Ya da iki göğsümün arasında her bakışında farklı bir şeye benzettiğin o benimin varlığını konuşalım.
Yokluğumu yeterince anlattın,
Dudaklarını bastırdığın alnımın varlığını anlat bu kez.
Sen her daldığında, başını okşadığım elimin varlığında bahset.
Hadi biraz da sesimi konuşalım,
Defterinden siirler okurken kullandığım.
Gel, biraz da sarıldığında kollarının arasındaki bedenimin varlığını konuşalım.
Seni öptüğüm dudaklarımı konuşalım.
Başını yaslayıp yattığın omzumu,
Isırdığın parmaklarımı da konuşalım.
Çocukken istediğim gibi kızıla boyadığım saçlarımın varlığını konuşalım.

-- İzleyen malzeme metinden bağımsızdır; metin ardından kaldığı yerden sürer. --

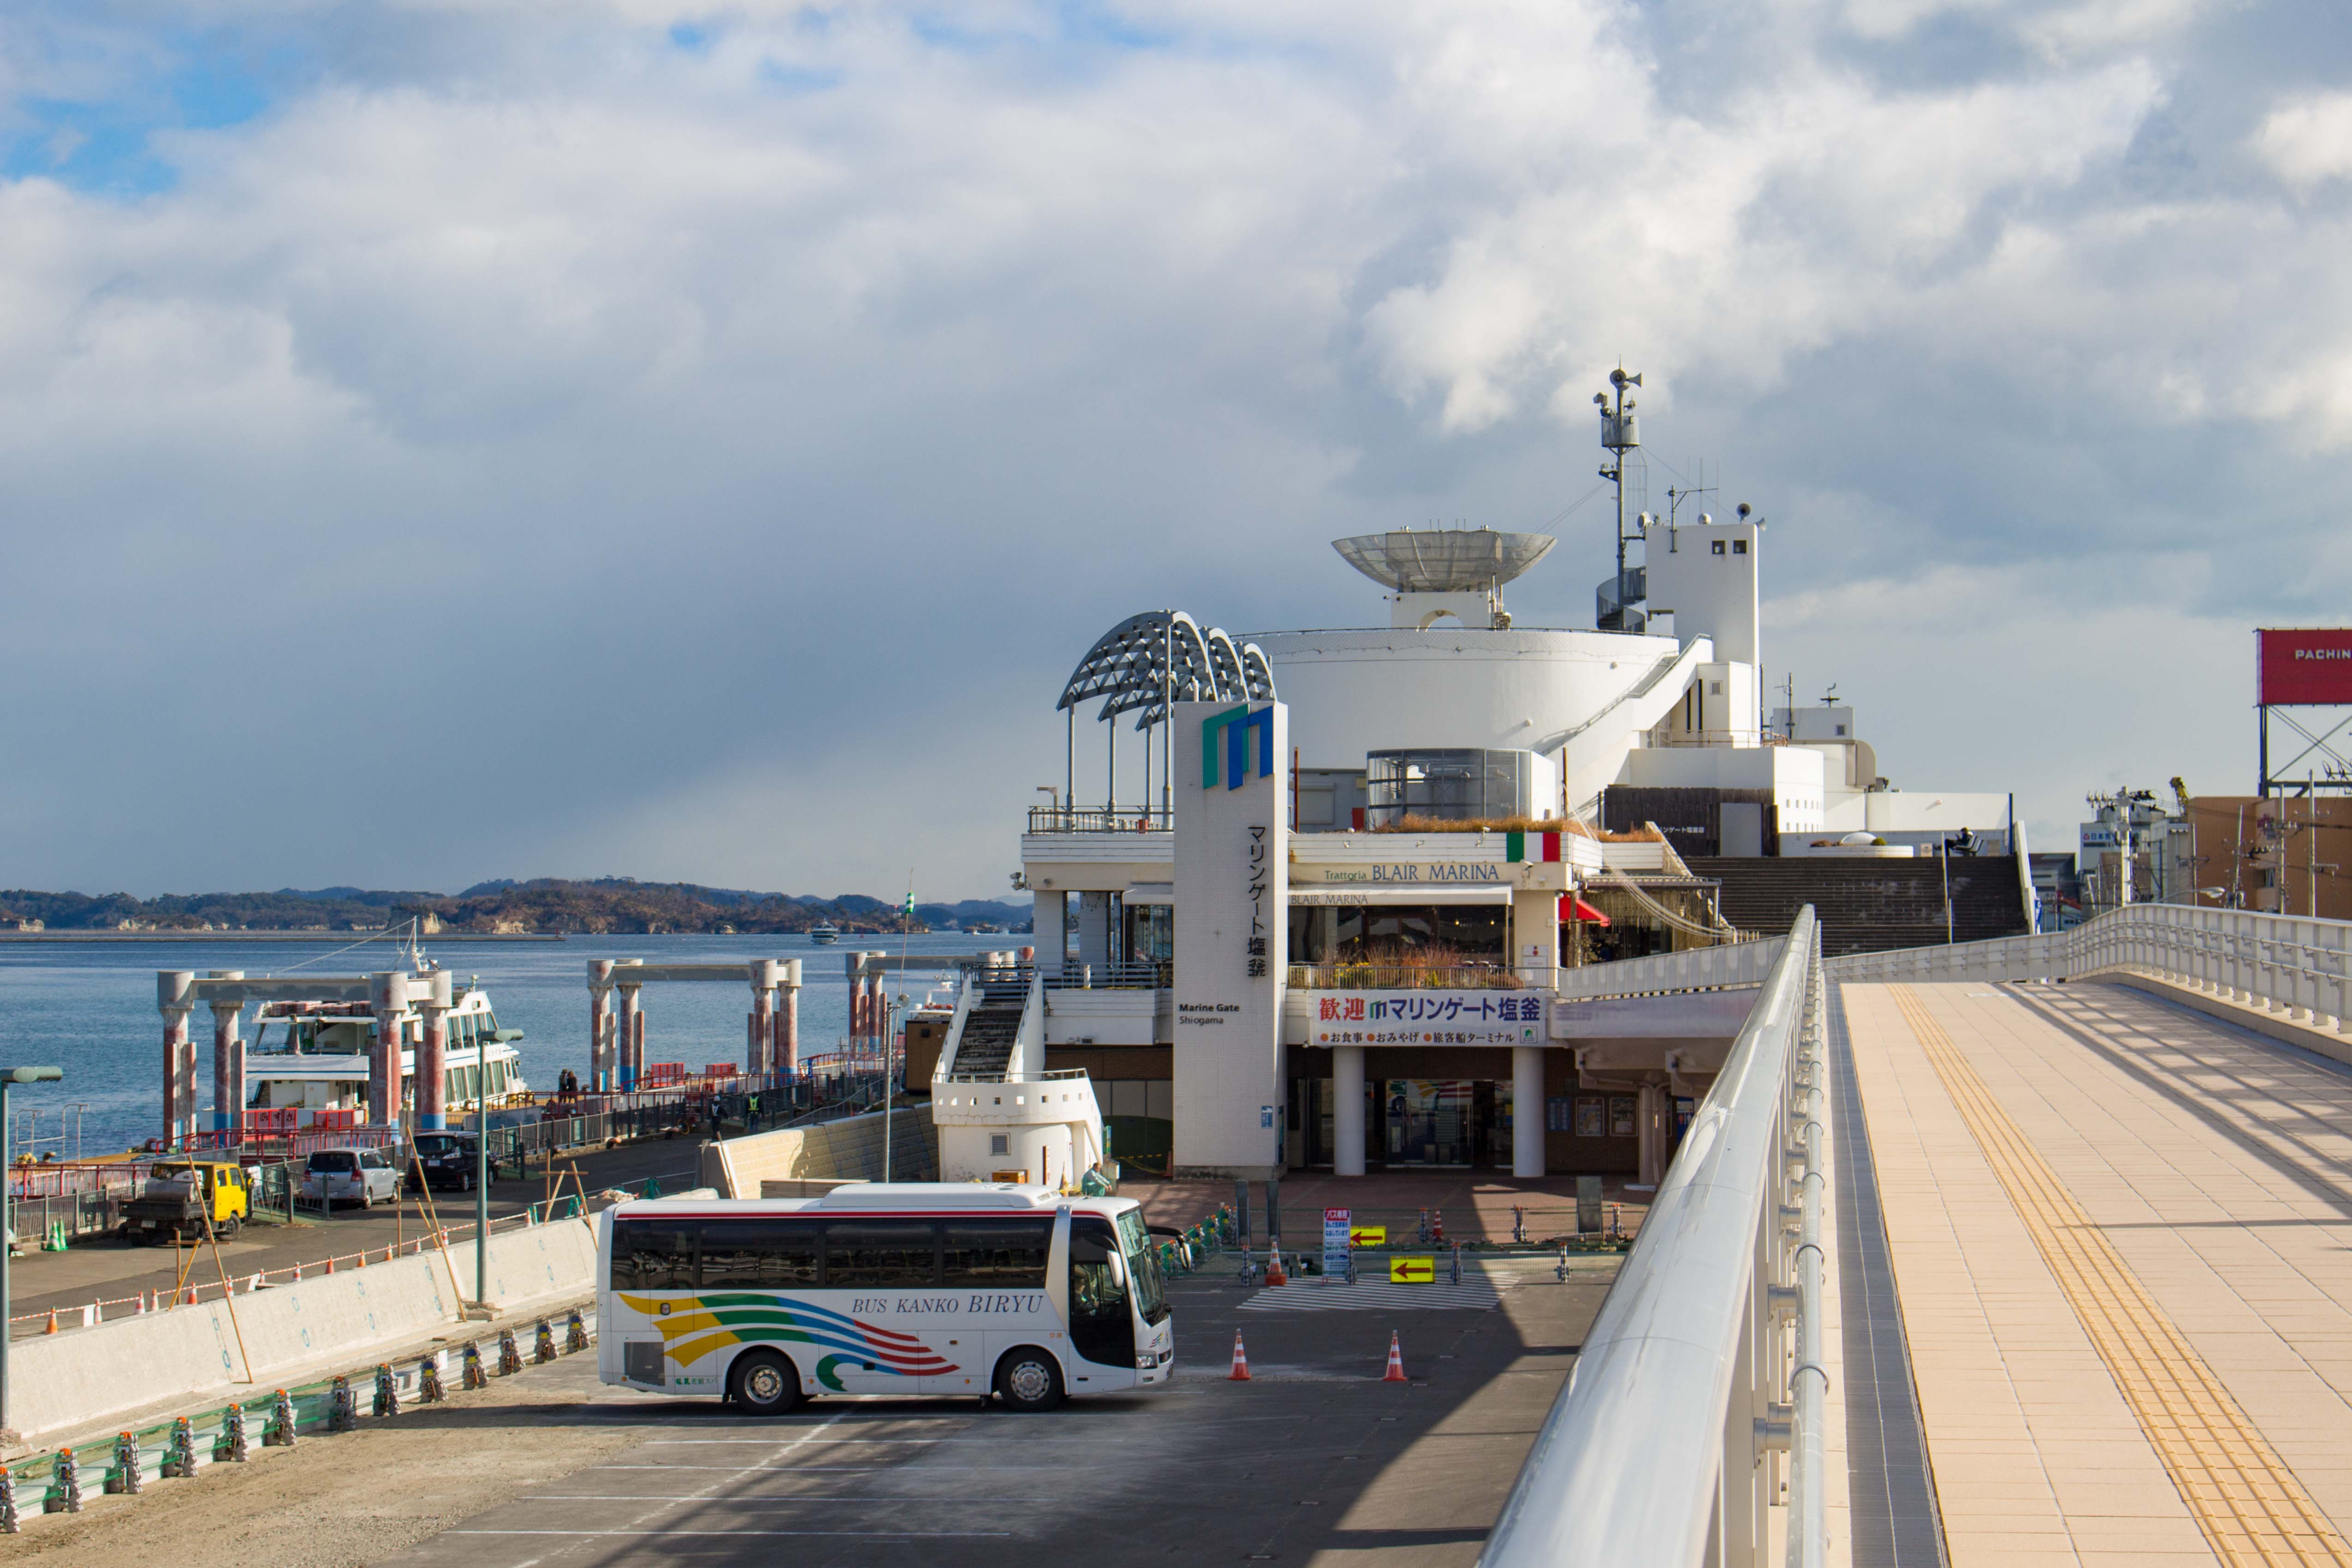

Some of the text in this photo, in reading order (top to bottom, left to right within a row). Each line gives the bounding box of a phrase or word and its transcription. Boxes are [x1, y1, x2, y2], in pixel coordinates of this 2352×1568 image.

Kahkahalarında yankılanan kahkahalarımı konuşalım.
Kokunu içime çektiğim burnumu anlat biraz.
Gamzen var mı senin diye sorduğunda, gülümseyip gösterdiğim gamzelerimi de anlat.
Kucağında yatarken okşadığın yüzümden bahset.
Şampuanımı tahmin etmeye çalıştığın kokumdan da bahset biraz.
Sen söylemeden anladıklarımın varlığından konuşalım.
Hadi kalk gel, biraz konuşalım.
Bunları konuşmaya cesaret edemeyeceksen, başka bir şey konuşalım.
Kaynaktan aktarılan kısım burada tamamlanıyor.